Water Industry Guy September 27, 2022 8:48 AM

@anon “As I understand it, you can’t enter Canada without an app.”

As of Oct 1, use of the ArriveCan app is becoming optional.

Also:

“The federal government says it’s dropping all COVID-19 measures at borders on Saturday, meaning travellers will no longer need to provide proof of vaccination when entering Canada or wear masks on planes and trains.”

JonKnowsNothing September 27, 2022 1:02 PM

@All

re: 4th Amendment Warrants Voided Asset Forfeiture

There is a current court case regarding the issuance of 6 search warrants requested by the FBI for the premises of a private company providing bank-style safe deposit boxes.

4 of these warrants are in good form but the remain 2 have a serious problem. The defined problem is in the scope of the requested warrant. The FBI omitted a few important details to the judge issuing the warrants, which was the intention of the FBI, to seize under asset forfeiture laws all the contents of all the safe deposit boxes housed inside the building. Only a few safe deposit boxes were associated directly with the company and those were included in the 4 good warrants.

The company providing the spaces for rent was the focus of the 4 warrants. The other 2 warrants were a seizure of all the other boxes rented to people not associated with any criminal actions.

It was Millions.
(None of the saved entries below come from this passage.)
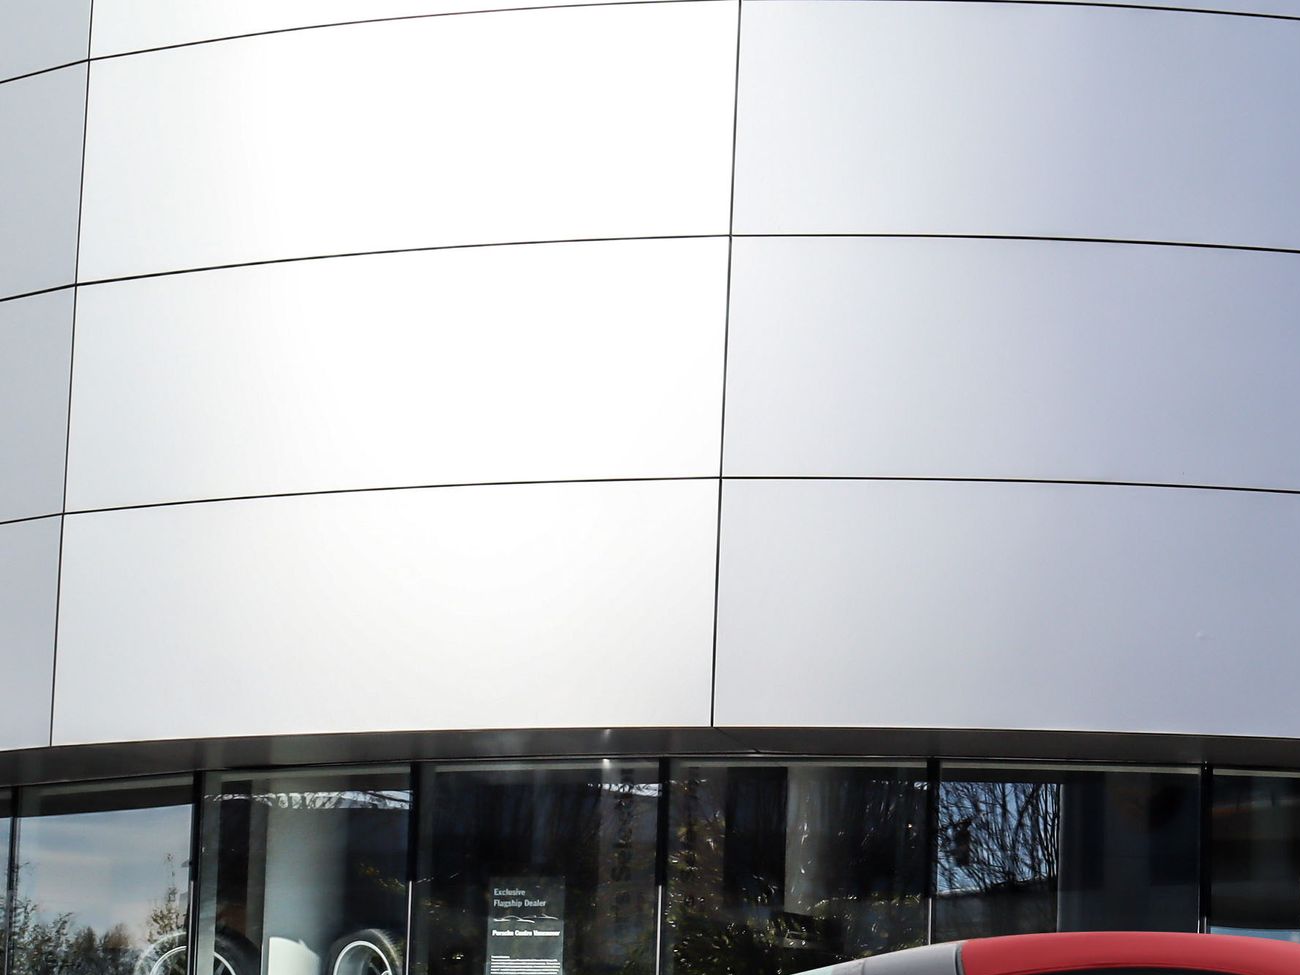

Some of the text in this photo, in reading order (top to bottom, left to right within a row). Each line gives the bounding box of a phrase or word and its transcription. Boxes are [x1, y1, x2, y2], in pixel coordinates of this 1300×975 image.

[493, 888, 526, 896] Exclusive
[493, 899, 546, 908] Flagship Dealer
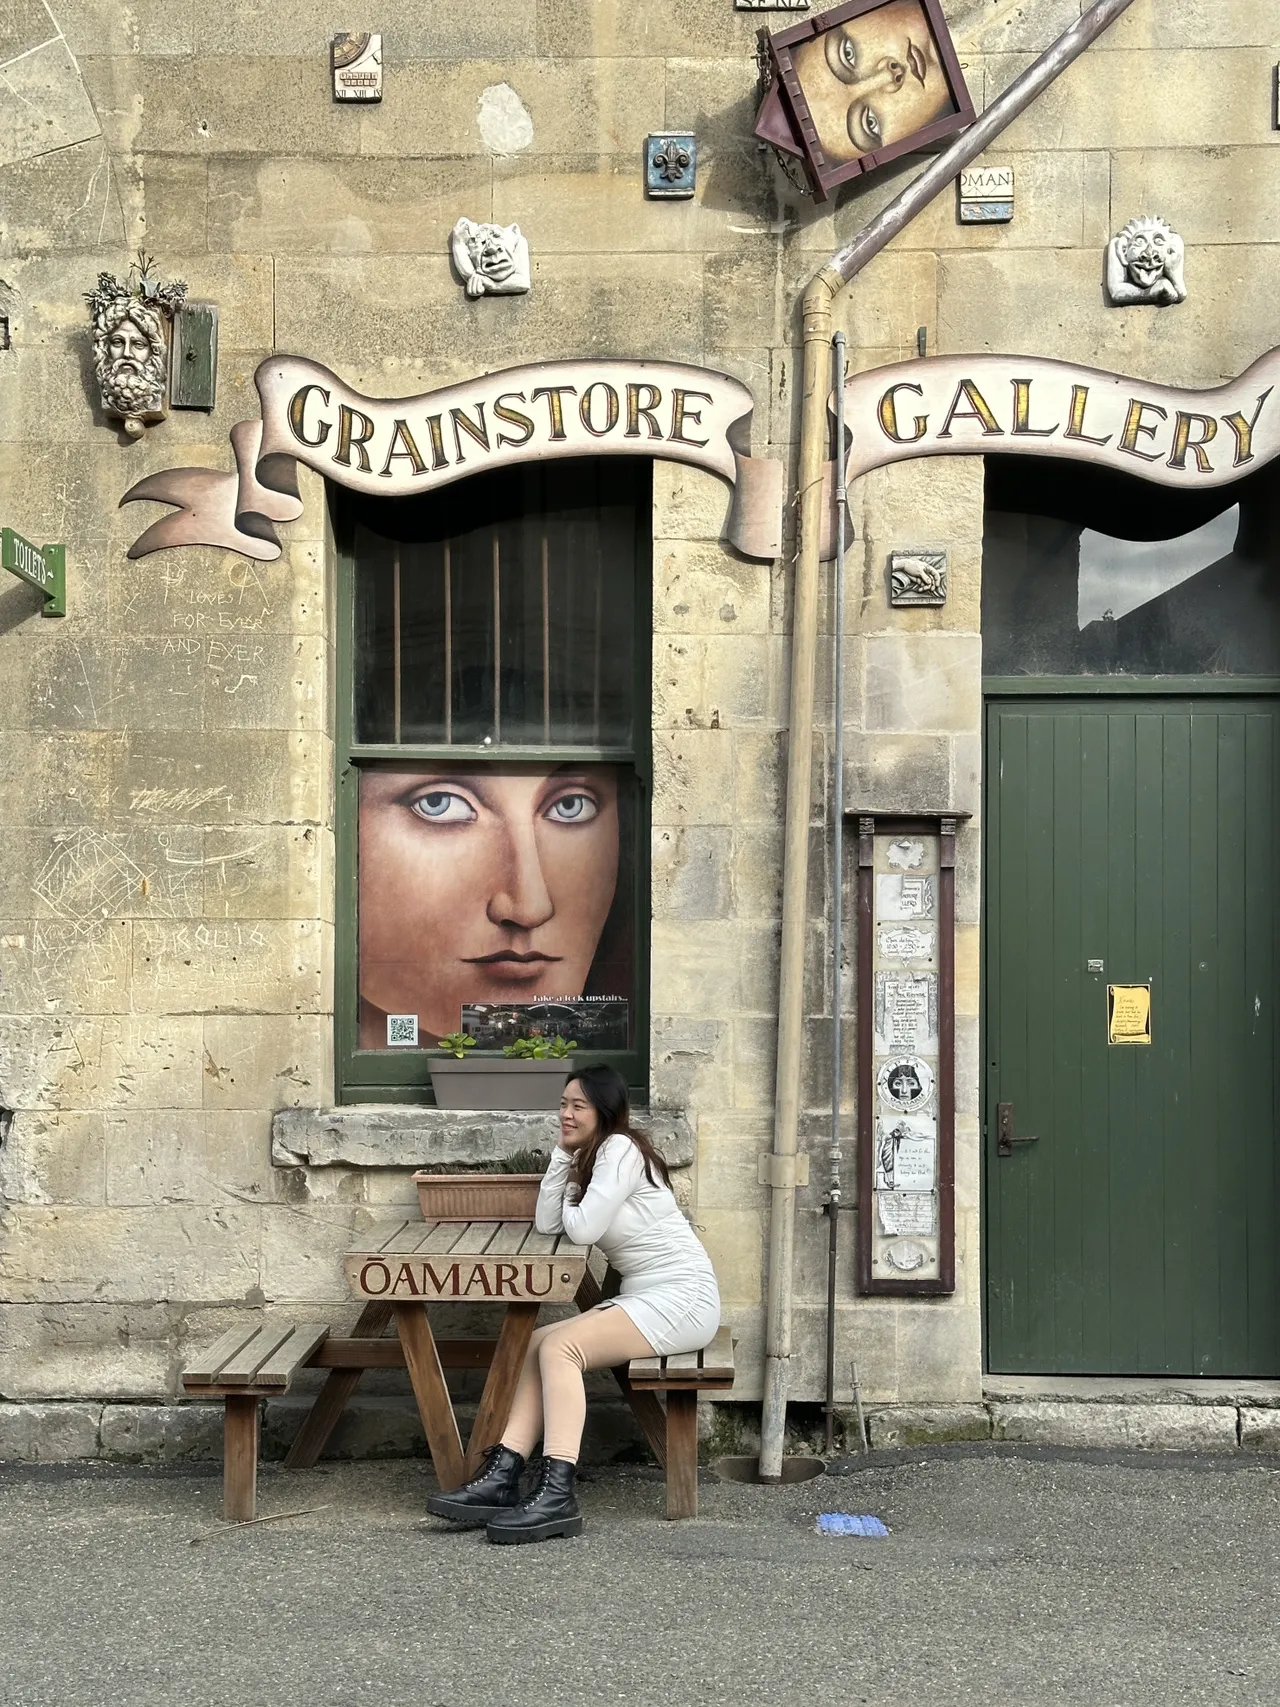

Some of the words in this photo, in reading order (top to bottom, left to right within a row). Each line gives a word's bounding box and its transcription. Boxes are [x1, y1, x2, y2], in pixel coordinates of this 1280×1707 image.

[287, 382, 714, 477] GRAINSTORE
[877, 378, 1274, 473] GALLERY
[13, 538, 46, 585] TOILETS
[162, 638, 201, 655] AND
[360, 1257, 555, 1297] ŌAMARU
The FBI opened or rather drilled every box and took the contents: wills, cremains (ashes from cremation), documents, money, coins, stamps, jewelry and photographs.

  • The FBI position is: This is ALL Ours
  • The Courts have said: No It Isn’t
  • The Court also said: the FBI did not declare their intention to seize all the property on the premises.
  • The FBI said: We don’t need to declare anything.
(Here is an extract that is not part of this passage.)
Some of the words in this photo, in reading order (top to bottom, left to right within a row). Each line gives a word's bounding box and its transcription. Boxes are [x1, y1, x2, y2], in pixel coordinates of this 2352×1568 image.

One aspect that is interesting would be the application of this “LEA viewpoint” for off-site storage or off-site processing.

Consider:

CompanyA hires CompanyB to do TasksXYZ.
CompanyB is known to provide these tasks to many other companies.
They sign a contract.

CompanyA sends information, tapes, downloads, source code etc to CompanyB for this purpose.

Unknown to CompanyA, someone in CompanyB becomes a PersonOfInterest and so CompanyB also becomes a CompanyOfInterest.

LEAs obtain warrants.

LEAs seize everything in CompanyB. All the contents of the building, the bank accounts and all the assets including those assets entrusted to CompanyB by their clients – CompanyA.

Now the LEAs-FBI own all the source code sitting in the code repository, all the backup tapes and the data contained on them. They seize a Cloud Pod and now own all the items contained in the Pod.

A wholesale transfer of ownership to LEAs-FBI.